Большой слабостью всех следующих за первохристианством учений об искуплении является то, что они побуждают человека заниматься только своим собственным спасением, не увязывая последнее с приходом Царства Божия. Нам необходимо сообща трудиться ради нарождения такого христианства, которое воспрепятствует всем уверовавшим в учение Христа, оставаться маловерными в отношении будущего нашего мира в его земных условиях, которое станет побуждать их реализовать бытие во Христе как эмоциональное состояние, как крепнущую в противостоянии действительности надежду на Царство Божие и устремленность к этому Царству. Пока это не станет реальностью, христианство своим положением в мире будет напоминать лишенный листьев зимний лес.

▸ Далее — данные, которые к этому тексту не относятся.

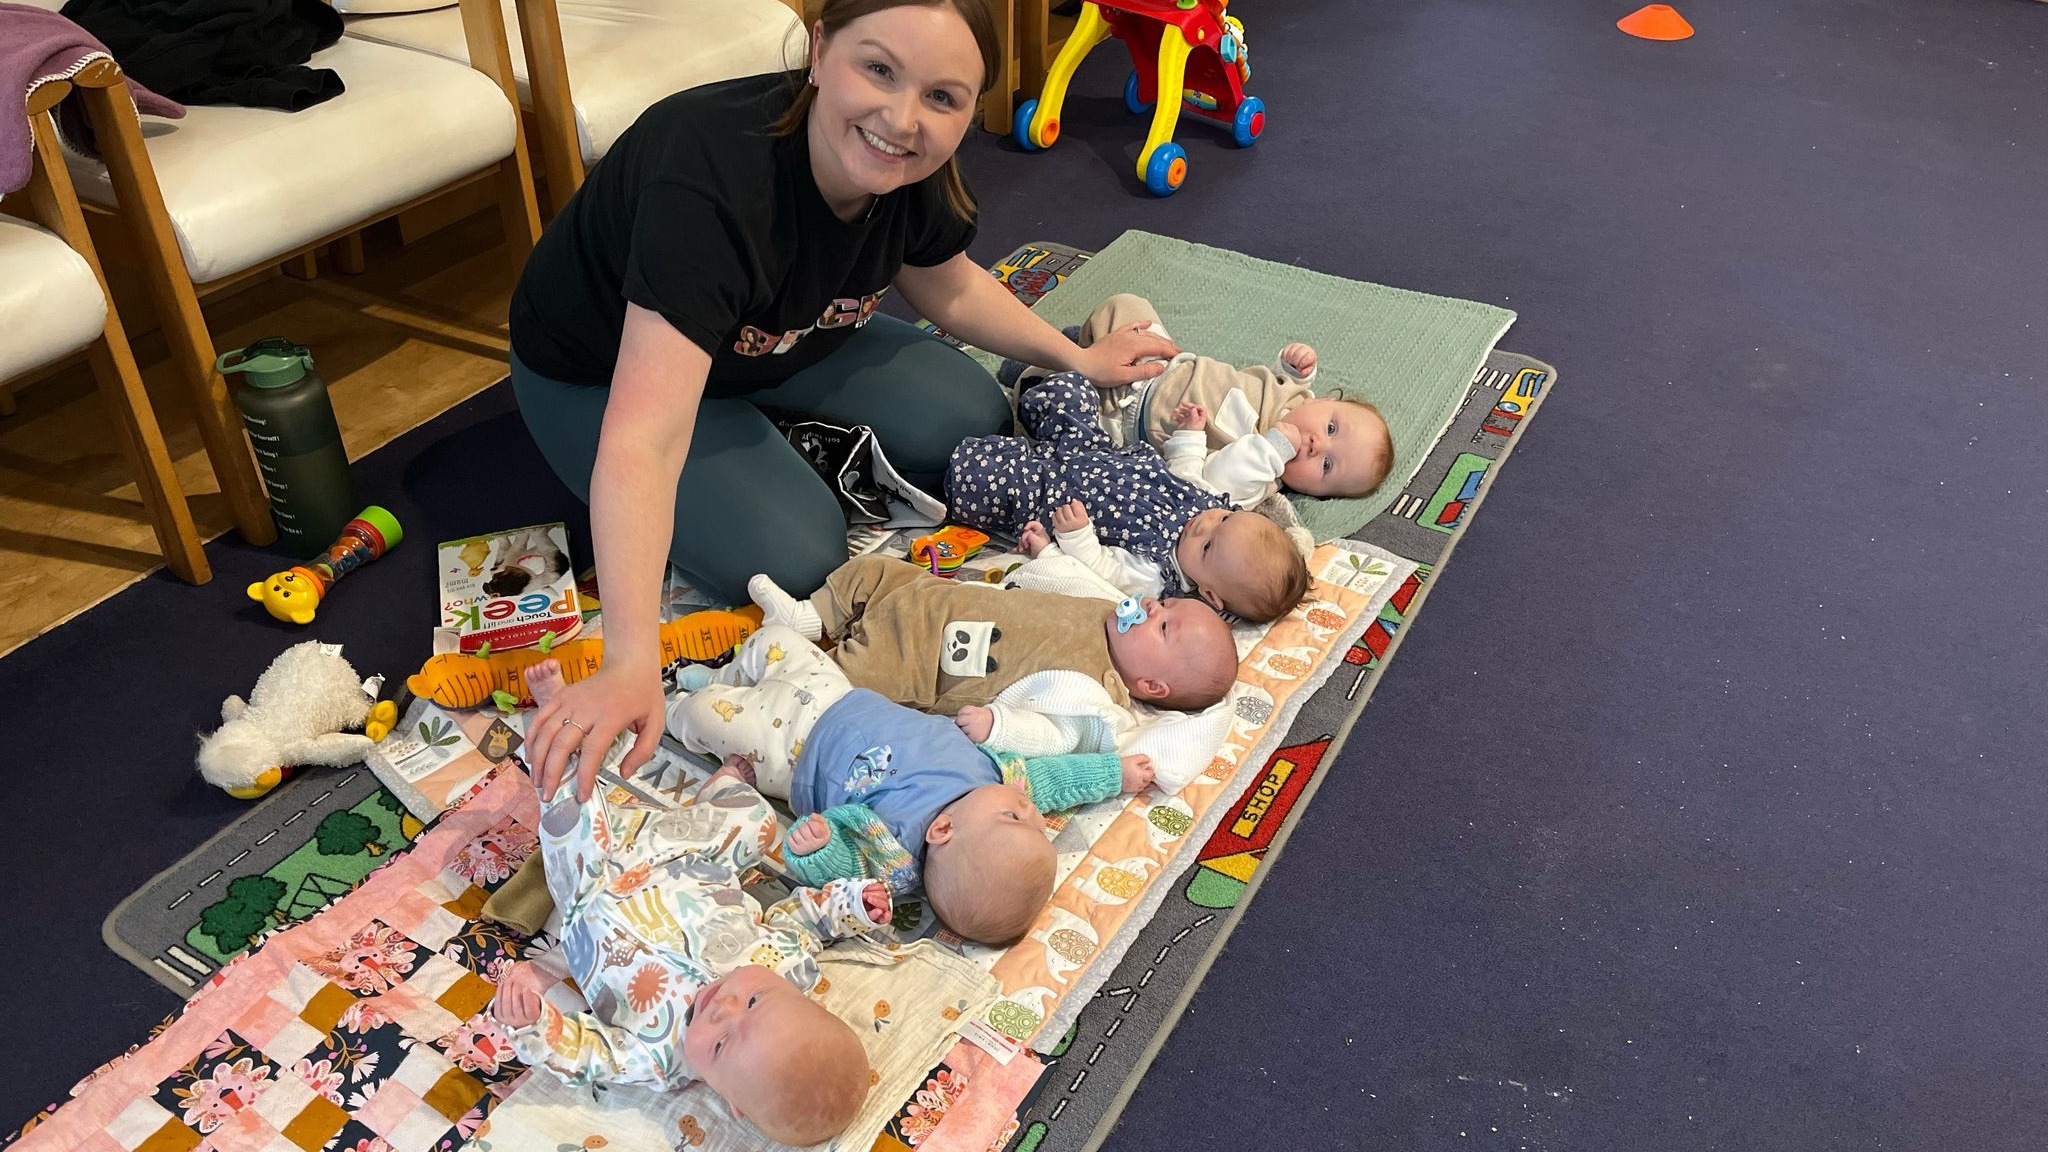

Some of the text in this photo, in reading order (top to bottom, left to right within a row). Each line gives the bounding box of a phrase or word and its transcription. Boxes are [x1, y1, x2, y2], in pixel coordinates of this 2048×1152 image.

[444, 595, 488, 611] who?
[483, 612, 553, 631] Touch and lift
[1242, 773, 1280, 822] SHOP

Одна перемена в нашем отношении к вере в Царство Божие уже произошла. Мы уже не уповаем на естественное преобразование условий нашей земной жизни, но воспринимаем дальнейшее сохранение существующего в природном мире зла и страдания как нечто такое, что предназначил нам нести Господь. Нашу надежду на Царство Божие мы ориентируем на сущностное и духовное в нем и верим в него как в порожденное Духом чудо всемерной покорности человечества воле Божией. Эту веру в грядущее чудом Святого Духа Царство Божие мы должны беречь в сердцах своих с таким же горячим чувством, с каким первые христиане лелеяли свою надежду на возвышение мира в сверхприродное состояние. У христианства нет возражений против предпосылки, что ему предуказано Богом одухотворять свою веру. Мы должны, однако, заботиться о том, чтобы сила нашей веры не подрывалась ее модификацией. Нашему христианству самое время отдать себе отчет в том, действительно ли мы еще верим в Царство Божие или же просто довольствуемся традиционной фразеологией. В глубочайшем своем смысле применимы к догматическим заботам наших дней слова Иисуса: «Ищите же прежде Царства Божия и правды его, а это все приложится вам».

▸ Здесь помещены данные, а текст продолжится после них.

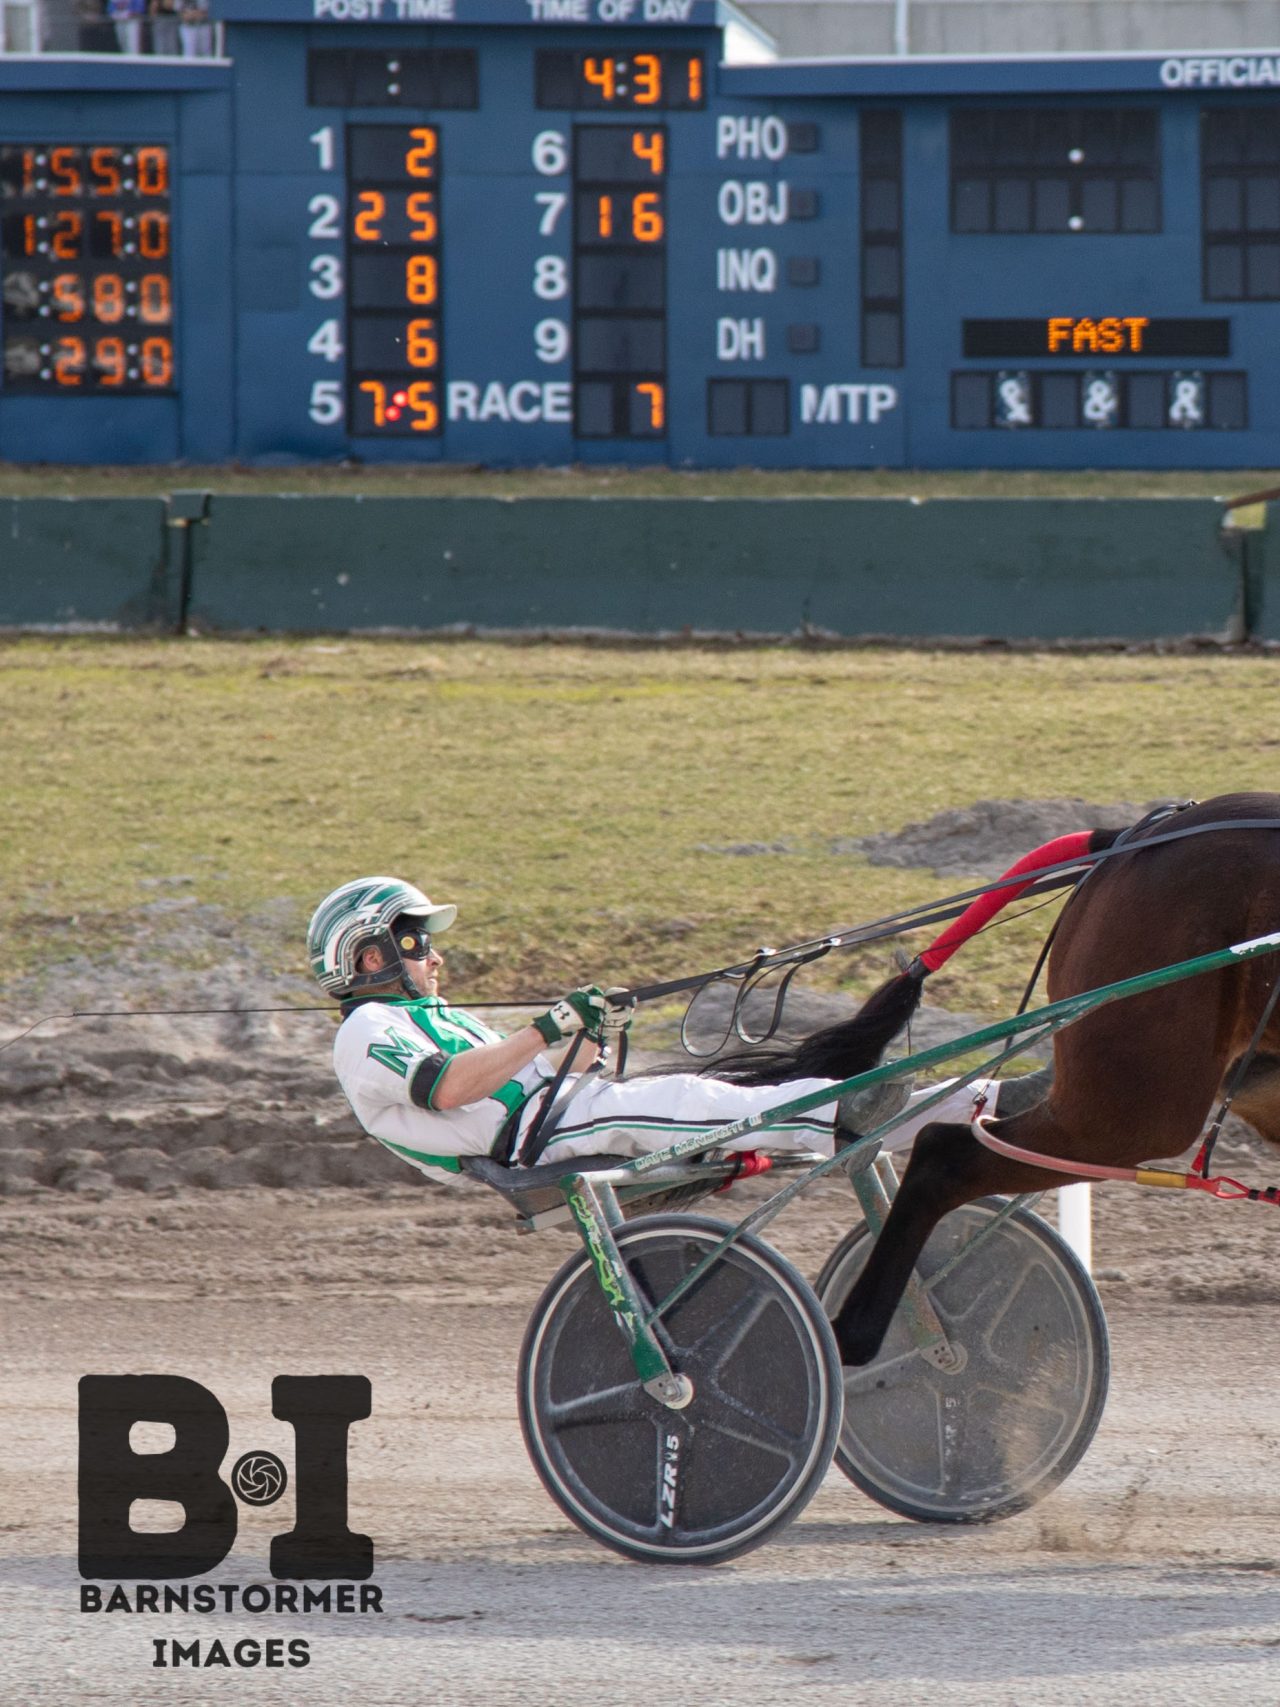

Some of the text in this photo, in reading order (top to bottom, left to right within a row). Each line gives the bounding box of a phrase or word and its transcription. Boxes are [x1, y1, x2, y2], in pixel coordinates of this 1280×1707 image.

[314, 0, 453, 20] POST TIME
[529, 0, 692, 21] TIME OF DAY
[311, 128, 333, 170] 1
[406, 128, 436, 177] 2
[533, 131, 567, 175] 6
[632, 133, 663, 173] 4
[718, 116, 787, 160] PHO
[309, 195, 340, 238] 2
[536, 193, 566, 235] 7
[719, 181, 788, 225] OBJ
[310, 255, 343, 299] 3
[406, 255, 437, 304] 8
[534, 255, 568, 300] 8
[718, 248, 776, 292] INQ
[309, 320, 343, 361] 4
[407, 319, 437, 367] 6
[535, 319, 569, 363] 9
[718, 318, 764, 360] DH
[1048, 317, 1148, 352] FAST
[310, 381, 343, 424] 5
[448, 381, 571, 422] RACE
[637, 382, 663, 427] 7
[802, 384, 896, 423] MTP
[1084, 381, 1116, 421] &

Когда же христианская вера пытается постичь всю полноту значимости явления Иисуса и сущность несомого Им миру искупления в русле живой веры в Царство Божие, перед ней тотчас же вырастает фигура ап. Павла как предвозвестника такого христианства. Его устами глаголет никогда не умолкавшее раннее христианство.

Великим реформатором выступил ап. Павел в своем учении об оправдании одной только верой, противостоящем духу праведных дел, восторжествовавшему в христианстве. Еще действеннее оказывается его мистика спасенности в Царстве Божием через общность со Христом, постепенно и незаметно прояв­

ляющая скрытую в ней силу.

И если необходимо — вопреки всем ложным спиритуалистическим и символическим истолкованиям мистического учения ап. Павла о спасении — подчеркнуть, что оно мыслится как природное, то столь же необходимо, с другой стороны, указать, что эта природность как бы сама собой обретает духовное и этическое значение. Подобно тому как радий по самой природе своей обладает свойством постоянной эманации, так и в мистике ап. Павла происходит постоянная трансформация природного в духовное и этическое. Чудесным светом вспыхивает это духовное и этическое в природном. Здесь обнаруживается, что природно-эсхатологическое составляет лишь внешнее бытие этой мистики, в то время как ее внутреннее бытие предопределено глубокой связью представления о спасении с верой в Царство Божие — связью, сохраняющей свое значение, даже если понятие Царства Божия переходит из сферы природного в сферу духовного. Поэтому слова ап. Павла о смерти и воскресении со Христом, постоянно переживаемых нами в событиях нашего бытия и в наших мыслях и желаниях, столь же истинны для нашего миропонимания, как и в его время.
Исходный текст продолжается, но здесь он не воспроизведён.